HT-A9 was tested with Sony's SA-SW5 subwoofer, which is an optional purchase.
HT-A9 is new take on TV sound from Sony. In the box we found four separate speakers and a connection box for the TV. While it at first glance may resemble a more classic surround system, each speaker is equipped with up-firing units to imitate ceiling channels. In addition, the four speakers connect wirelessly to the connection box which on the other hand must be wired (HDMI) to the TV. Since the speakers are active they require a power cable, too.
I was a little a surprised to finally see the speakers. I had expected four units around the same size as Sonos One, just slimmer, but while the footprint is similar to Sonos One, each speaker is significantly taller.
The cabinet is grey plastic with something of a mélange look and metal grills on the front and the top of the units. The choice of grey plastic will appeal to some buyers and deter others but the finish is good. Similarly, a black soundbar can look quite dominating in a living room and after a while Sony's design grew on me but they nevertheless require planning to fit in a typical living space as opposed to a soundbar. There are screw holes hidden under a cover for wall mounting; either directly on a screw or by using the wing hole for a wall bracket. Each speaker also has a power cable, a sync button and a power button.
Each speaker is equipped with its own amplifier and is designed as a two-channel speaker with a bass reflex port while the up-firing speaker is a full-tone unit. Four speakers including the up-firing units do not quite meet the specification for full Dolby Atmos sound and in terms of placement the speakers are intended to be used as right and left front as well as right and left rear plus four ceiling channels. By bouncing sound off of walls, the speakers can reach 10 channels of which two are the virtual side channels. Sony is specifying the system as having 12 channels but to reach that number you have to add a subwoofer while the dedicated center channel can only be achieved with a recent Sony TV that support the center channel function with external Sony sound systems. Without a recent Sony TV, the speaker will create a virtual center channel with the help of the two front speakers. The system is capable of auto-calibrating sound to compensate for any asymmetries in the placement of the units so it is not required that you create a perfectly arranged square of speakers to get the spatial sound experience.
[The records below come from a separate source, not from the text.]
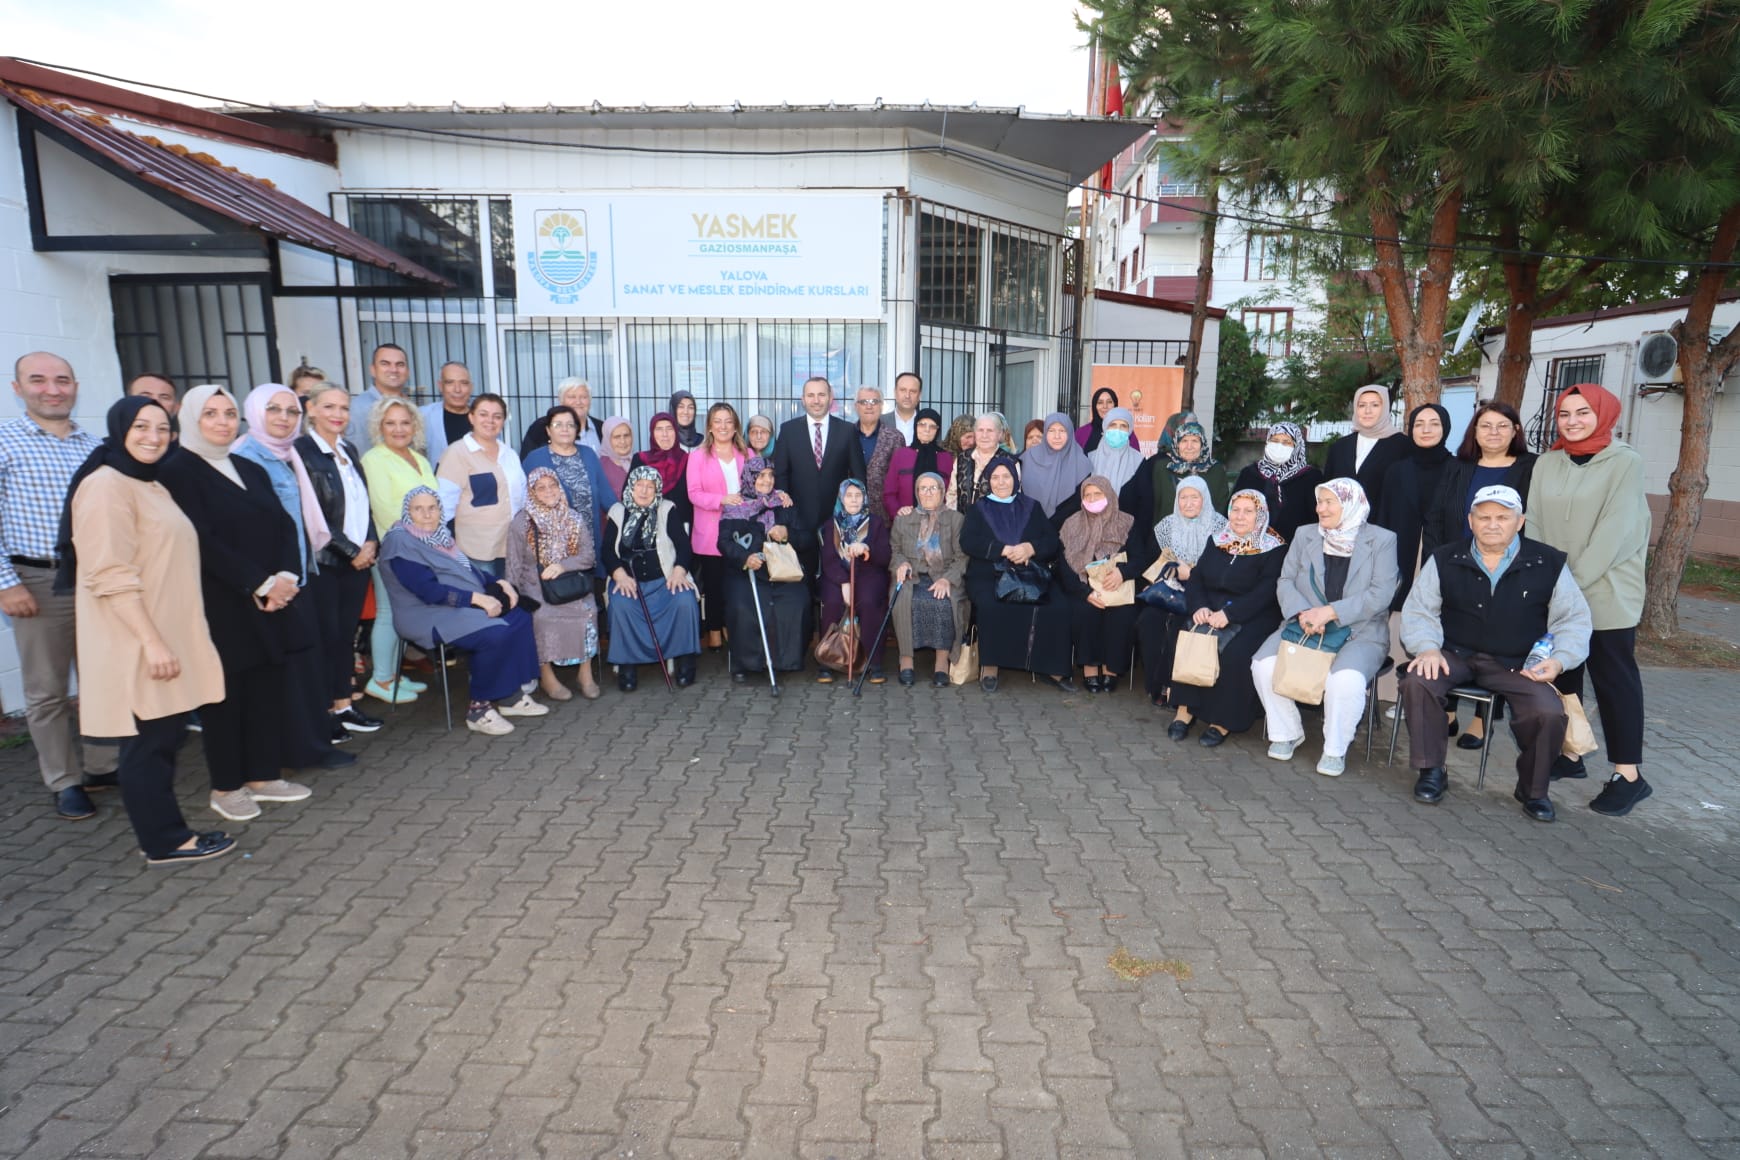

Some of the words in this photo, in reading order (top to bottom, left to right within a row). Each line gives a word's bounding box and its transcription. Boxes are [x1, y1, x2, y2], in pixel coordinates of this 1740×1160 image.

[691, 213, 798, 239] YASMEK
[699, 242, 797, 255] GAZİOSMANPAŞA
[720, 270, 769, 281] YALOVA
[623, 284, 665, 295] SANAT
[668, 284, 686, 295] VE
[688, 284, 736, 296] MESLEK
[738, 282, 805, 296] EDİNDİRME
[807, 284, 869, 296] KURSLARI
Sony refers to these systems as '360 Sound Mapping' and 'phantom speakers'.
Also read: First listen: Sony's ecosystem of 360 Spatial Sound products
In our review we used HT-A9 together with the SA-SW5 subwoofer which we also used during our review of Sony HT-A7000 last year. It is the more powerful of two Sony subwoofers that can be connected to the latest soundbars and HT-A9. Another option is the SA-SW3 which is approximately 30% less powerful but still quite sturdy in form and look, much like its bigger brother, so it is not easy to hide. For the review, we use a Sony A95K QD-OLED TV for center channel sound.
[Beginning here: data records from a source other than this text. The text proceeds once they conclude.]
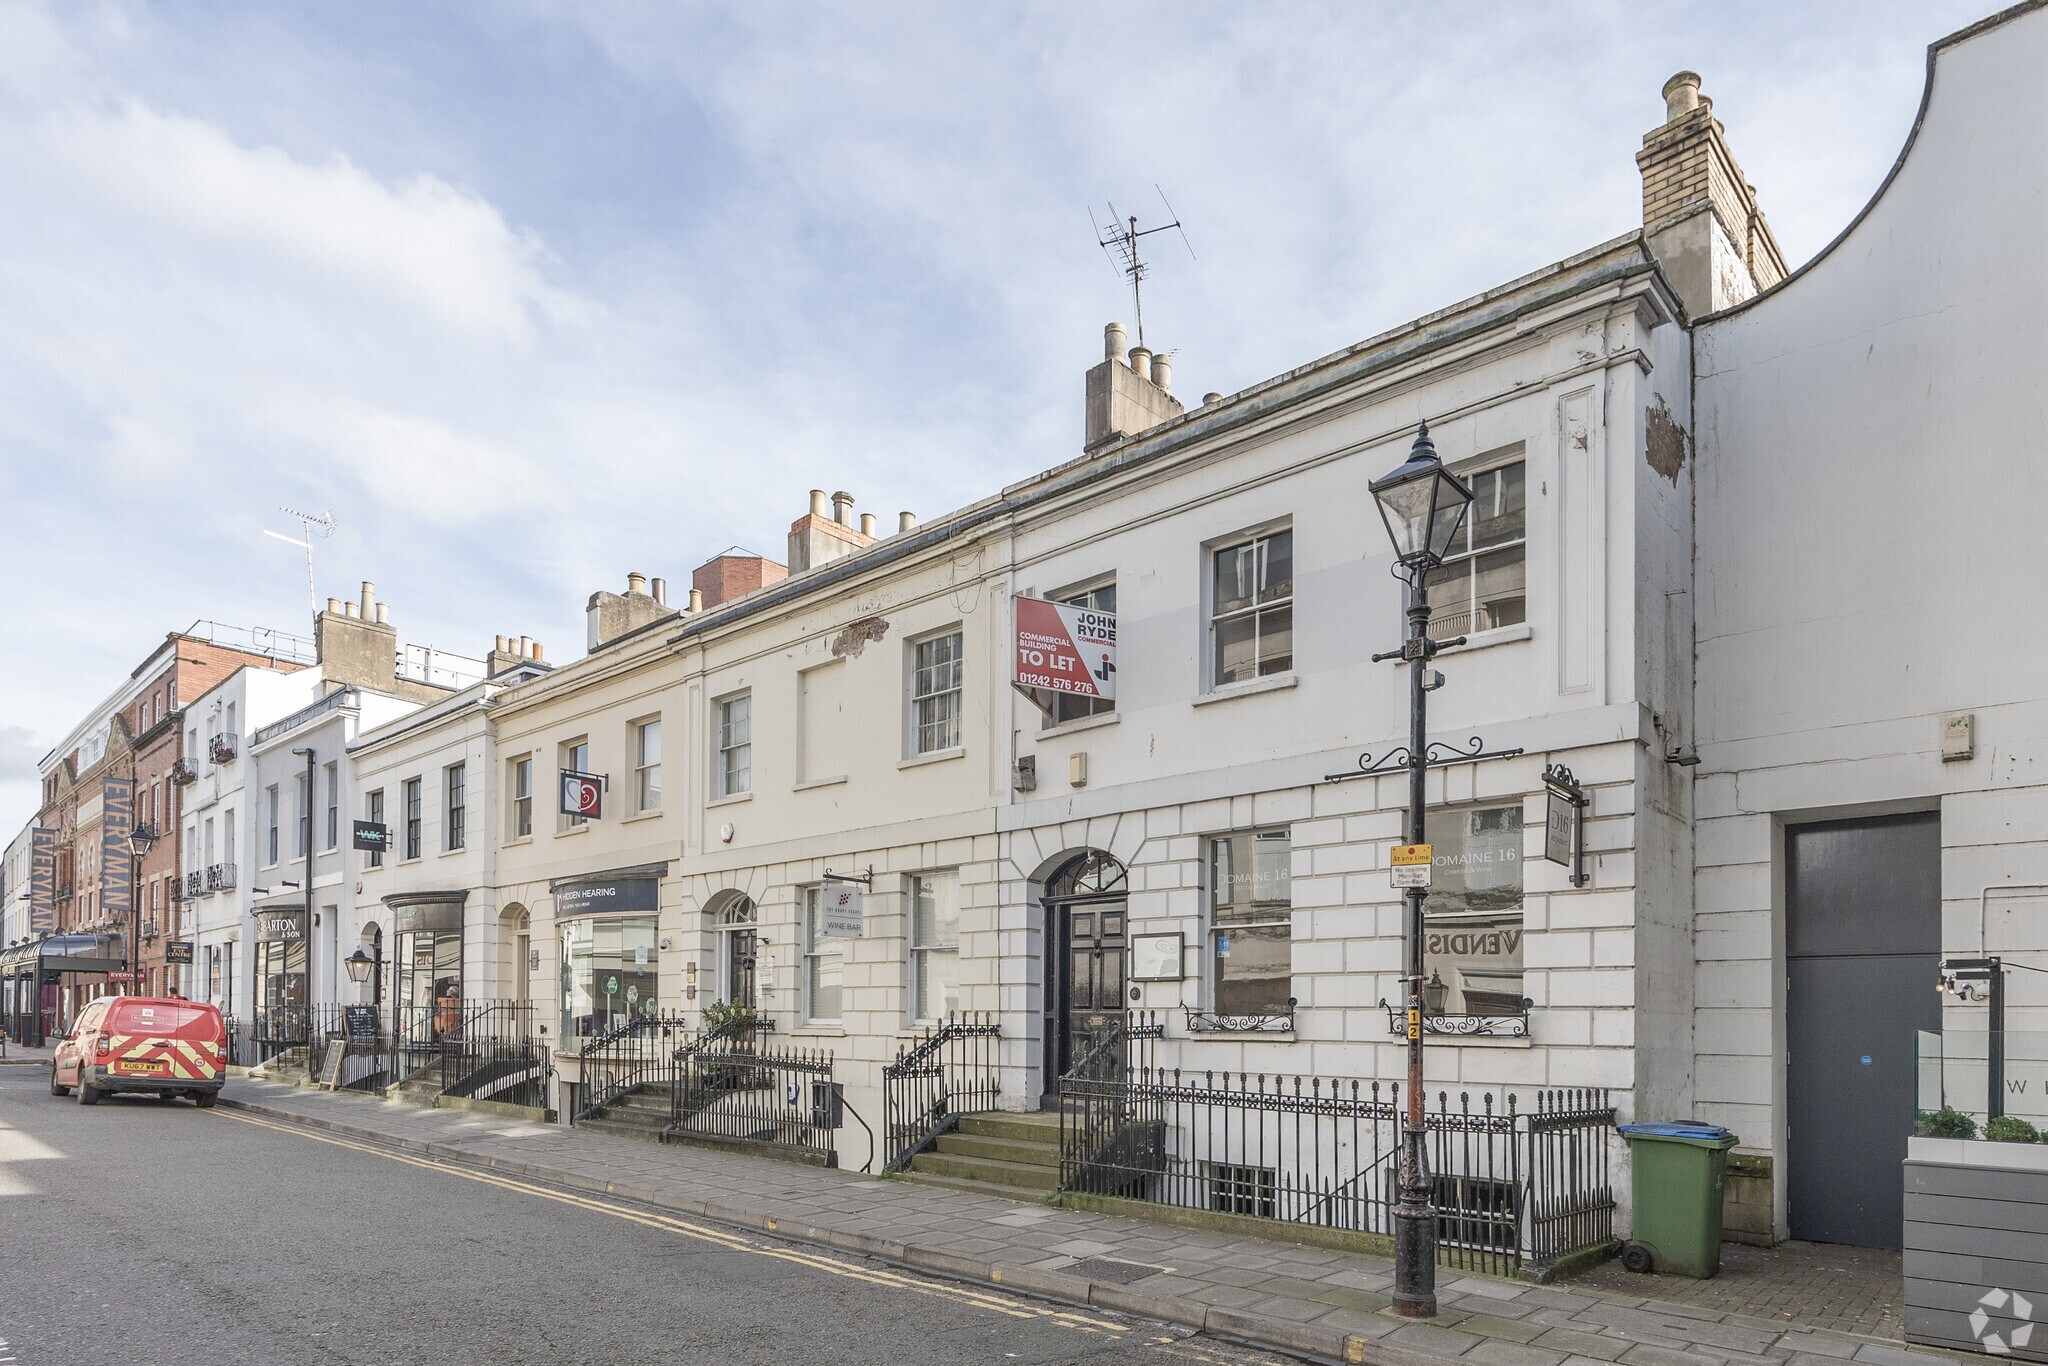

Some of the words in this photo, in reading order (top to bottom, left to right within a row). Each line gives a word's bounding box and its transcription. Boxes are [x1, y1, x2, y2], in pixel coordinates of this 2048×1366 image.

[1078, 612, 1116, 629] JOHN
[1020, 631, 1071, 647] COMMERCIAL
[1078, 624, 1116, 641] RYDE
[1020, 639, 1057, 652] BUILDING
[1078, 636, 1116, 647] COMMERCIAL
[1020, 648, 1044, 666] TO
[1049, 653, 1076, 672] LET
[1020, 672, 1050, 687] 01242
[1053, 677, 1071, 690] 576
[1075, 680, 1093, 694] 276
[104, 782, 130, 906] EVERYMAN
[1432, 851, 1493, 867] OMAINE
[1498, 848, 1516, 862] 16
[32, 832, 54, 929] EVERYMAN
[1274, 868, 1288, 881] 16
[562, 889, 581, 901] HIDDEN
[581, 887, 616, 898] HEARING
[827, 921, 846, 930] WINE
[846, 923, 861, 931] BAR
[287, 930, 300, 938] SON
[1411, 1012, 1416, 1022] 1
[1410, 1027, 1417, 1037] 2
Taking a closer look at the connection box reveals a small display that is used to show information about the source. It has an HDMI eARC connection, a USB port for updates, an Ethernet port, and a jack port for center channel connection to a Sony TV. In addition, it is equipped with one HDMI input for connecting external devices such as a streaming or Blu-ray player, a game console or similar. Unfortunately, the box is not silent so if you are planning to not hide it inside a rack or furniture you will hear some fan noise. It is not loud, more of a hiss, but it is definitely audible in quiet scenes of movies or games.
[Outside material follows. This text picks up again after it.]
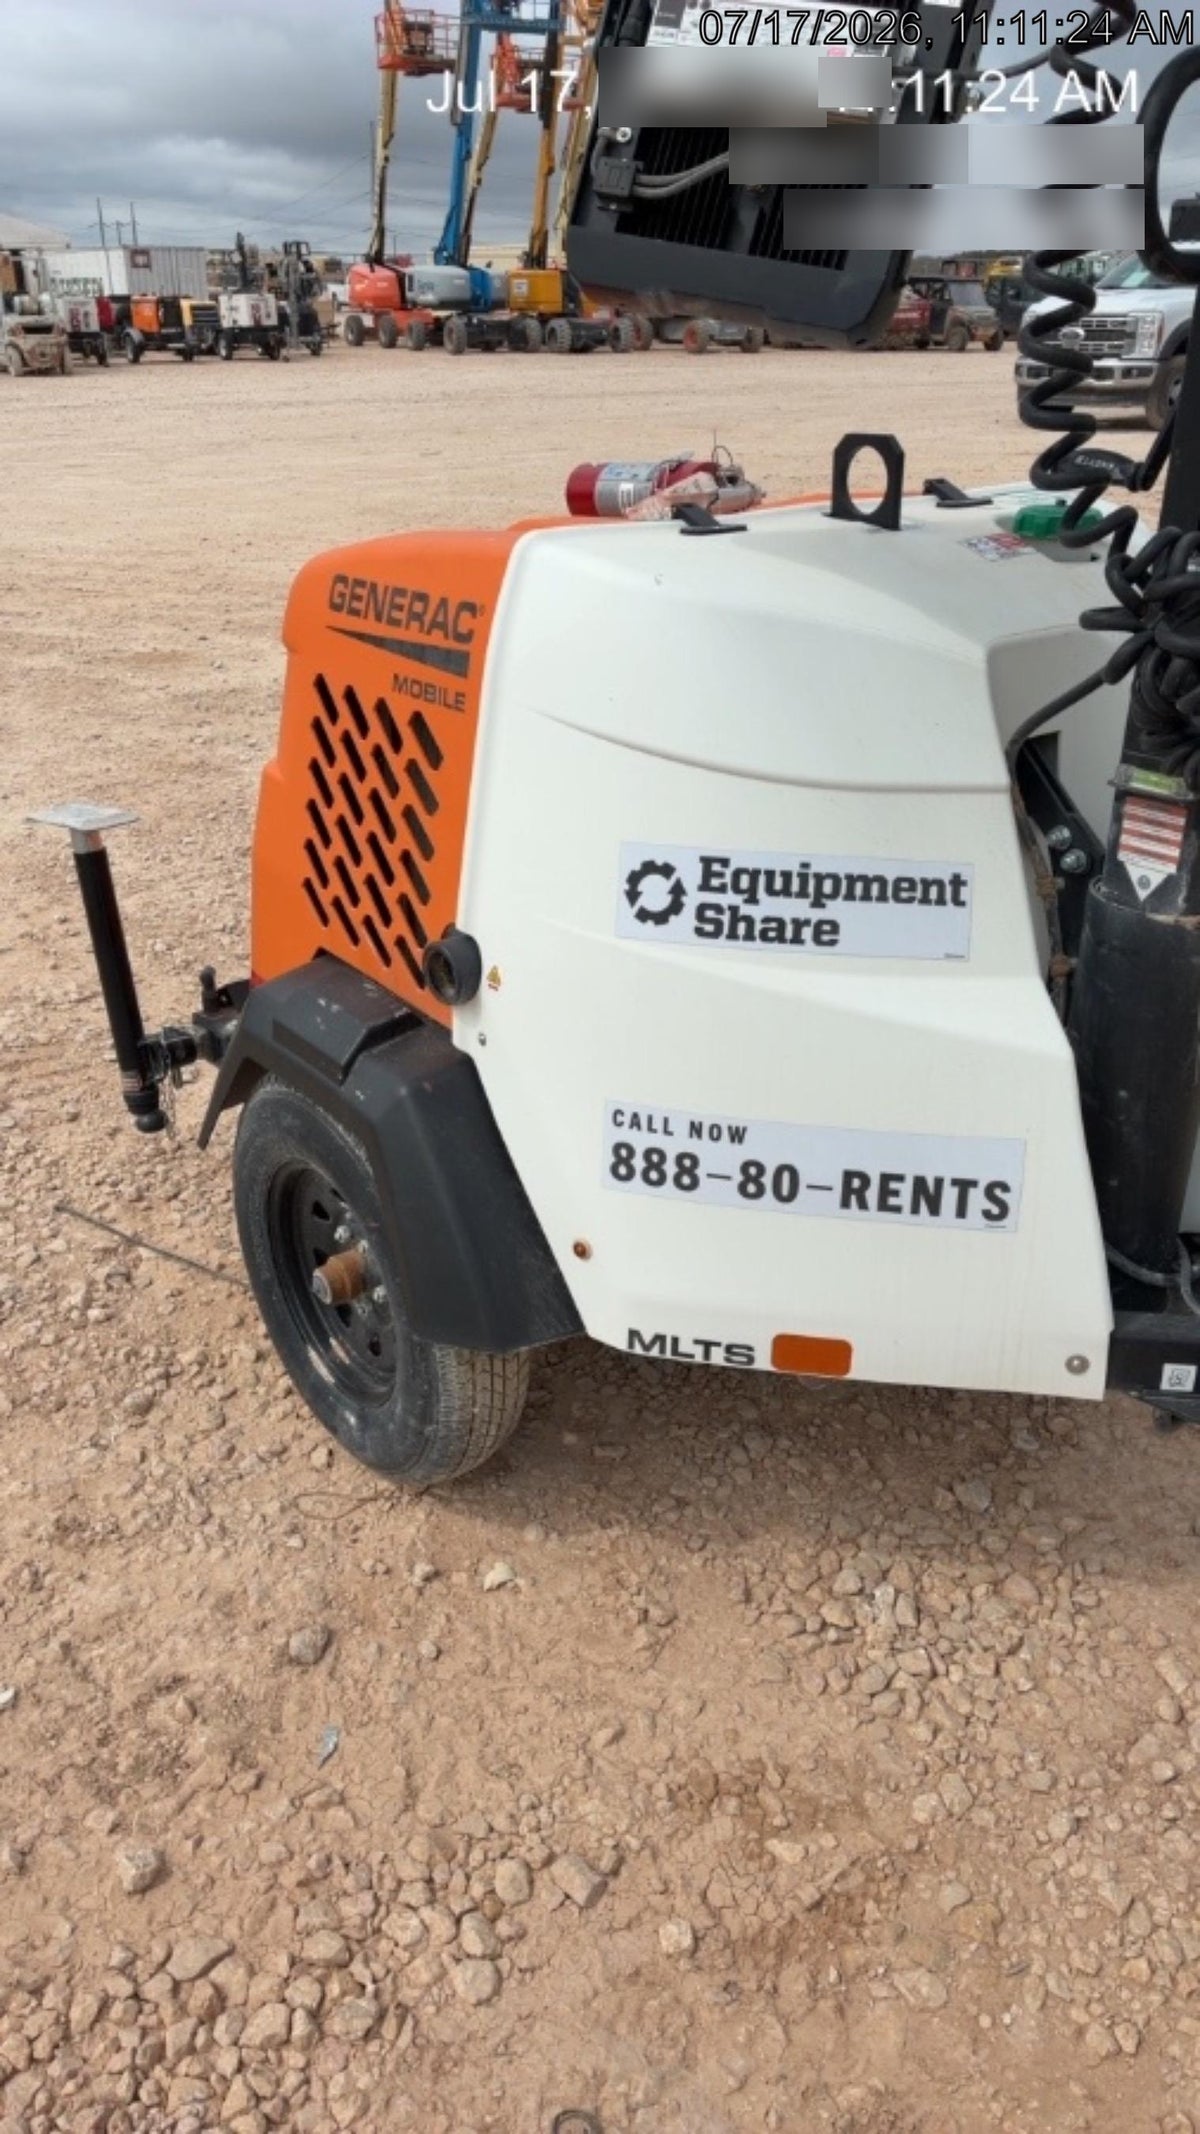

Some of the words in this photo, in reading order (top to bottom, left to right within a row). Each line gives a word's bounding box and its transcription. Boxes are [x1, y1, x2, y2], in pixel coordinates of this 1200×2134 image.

The box has good support for input signals and surround sound formats including both Dolby Atmos and DTS:X as well as 4K 120Hz passthrough in its HDMI 2.1 switch.
Set-up is straightforward but requires a short trip into the box's menu via the TV to pair all units. From the same menu you can initiate room calibration and adjust sound parameters manually. Unlike the Sony HT-A7000, the box does not support voice commands via Google Assistant and Amazon Alexa, but you have other features such as Chromecast built-in and Apple AirPlay 2 as well as Bluetooth. If you connect the box to the internet you gain access to additional settings via Sony's smartphone app, in case you want to avoid using the remote control that comes with the system. The remote control is identical to the one that comes with other recent Sony soundbars and is not very good. It is too light with spongy buttons but luckily the system has HDMI ARC / CEC support so most of the time you do not need it.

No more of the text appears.